Who Killed Dick Whittington?

Home > Other > Who Killed Dick Whittington? > Page 14
Who Killed Dick Whittington? Page 14

by E.


  The man nodded.

  “Well, I shall want your help. I want all this ash carefully sifted and weighed. Sergeant Merry, the deputy scientist, will take charge of the operation. Anything which is not definitely ash, but, say, fabric or thread, must be placed on one side, and preserved for examination. But Sergeant Merry will attend to that. What I want from you is a couple of reliable men to do the sifting and the weighing. Meanwhile, there are one or two things to which I will attend myself.”

  As the salvage officer left in search of his two men, the scientist opened out the Box of Tricks which Merry had fetched from the police car. From it he extracted a number of white envelopes made from druggists’ surfaced paper, a sharp knife, and a medical scalpel.

  With a hogs-hair brush, also taken from the Box of Tricks, he swept clear of debris a portion of the floor near where it had burnt through at what seemed to be the origin of the fire. From the edges he cut a number of slivers of the charred wood, placing them in one of the envelopes, which he at once sealed and labelled, obtaining the signature of Mr. Redwood as to the contents and the place from which they had been cut.

  He then moved to another portion of the floor, where the same procedure was enacted, the slivers going into a separate envelope, also labelled and initialled. Finally, with the scalpel he scraped a quantity of the soot from the beams of the ceiling immediately above the burned floor, and a further quantity from each of the four corners of the shop. These exhibits, too, were sealed in the envelopes and a record made of their location.

  He placed the envelopes in the Box of Tricks and was about to close the case when a thought apparently occurred to him. Taking a larger envelope he filled it with a quantity of ash from the floor. A pair of letter scales on which he weighed the package showed that it contained three ounces of ash.

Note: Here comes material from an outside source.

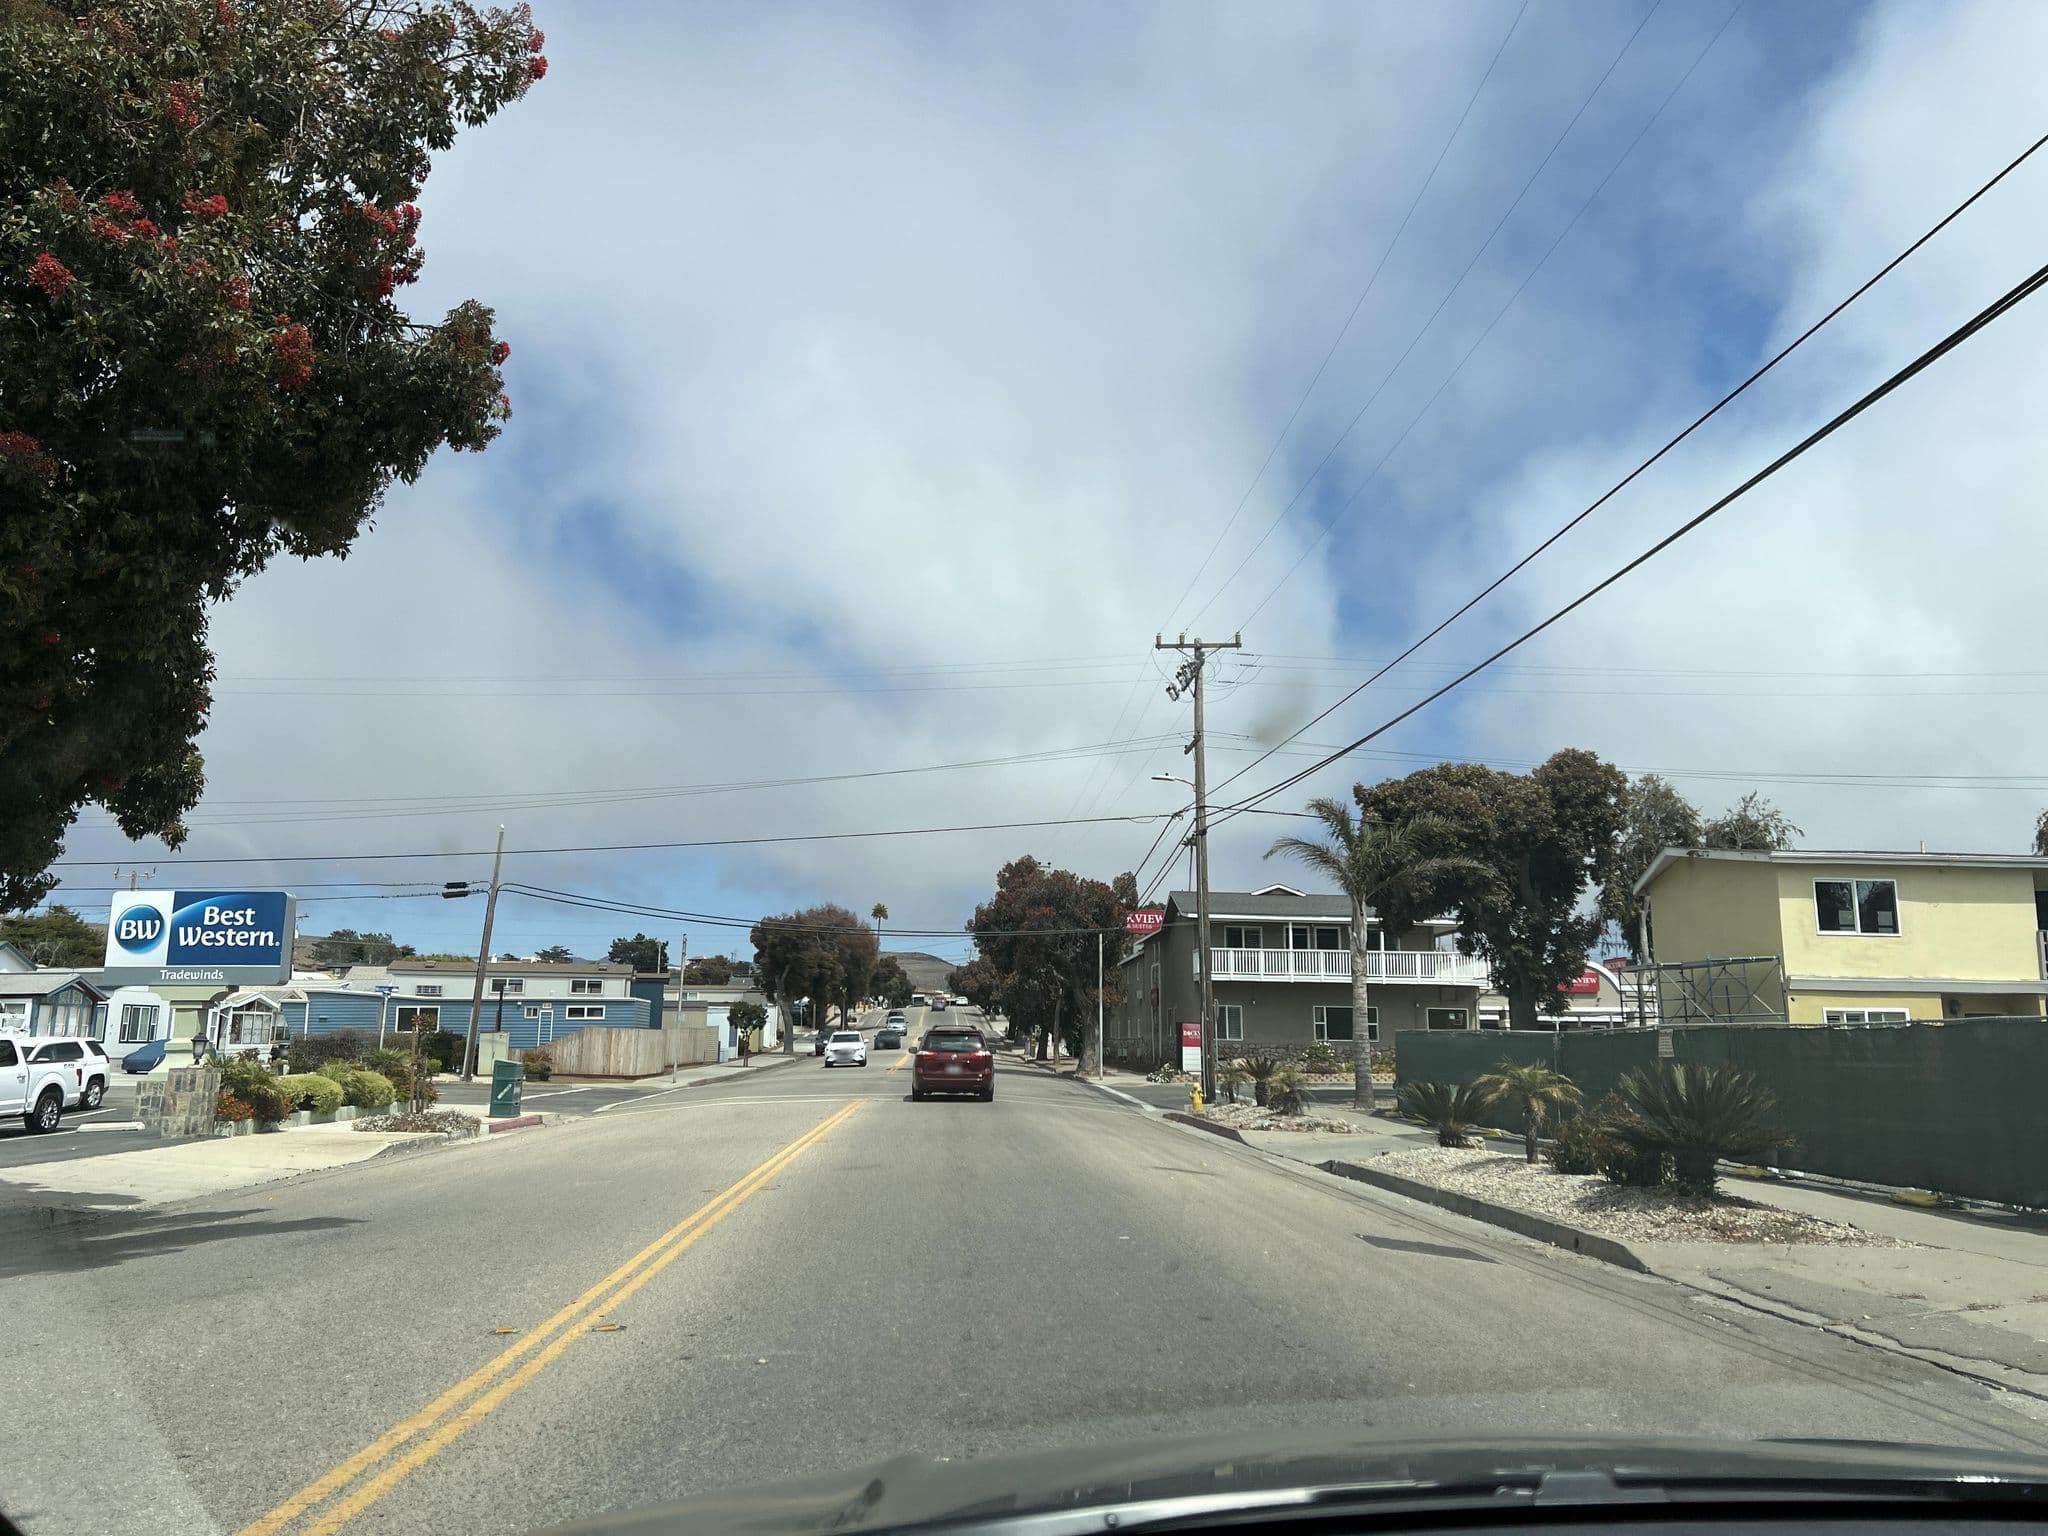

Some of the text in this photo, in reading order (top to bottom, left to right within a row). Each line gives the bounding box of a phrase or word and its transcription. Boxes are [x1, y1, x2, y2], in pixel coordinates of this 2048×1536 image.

  “That can be added on to the weight of the bulk,” he told Merry; and putting the envelope with the others, closed the case and carried it to the car.

  Detective-Inspector Makepeace, who had watched these operations with no little interest, turned at a touch on his shoulder to find a police-constable waiting. The man whispered to him, and the inspector, with a word to the scientist, hurried away. He returned in a few minutes. Doctor Manson looked inquiringly. The inspector nodded.

  “He made a call, Doctor,” he announced. “Royalty 07765. He said, ‘there has been an accident’. I’ll get the subscriber from Royalty exchange, shall I?”

  Doctor Manson nodded.

  “There was one curious circumstance, however,” the inspector added, “I don’t know whether it has any significance. When he first answered the call for the number wanted, he said ‘Royalty 05545’. Told there was no reply he said he was sorry, he’d made a mistake, and the number was Royalty 07765. That was where he gave the message.”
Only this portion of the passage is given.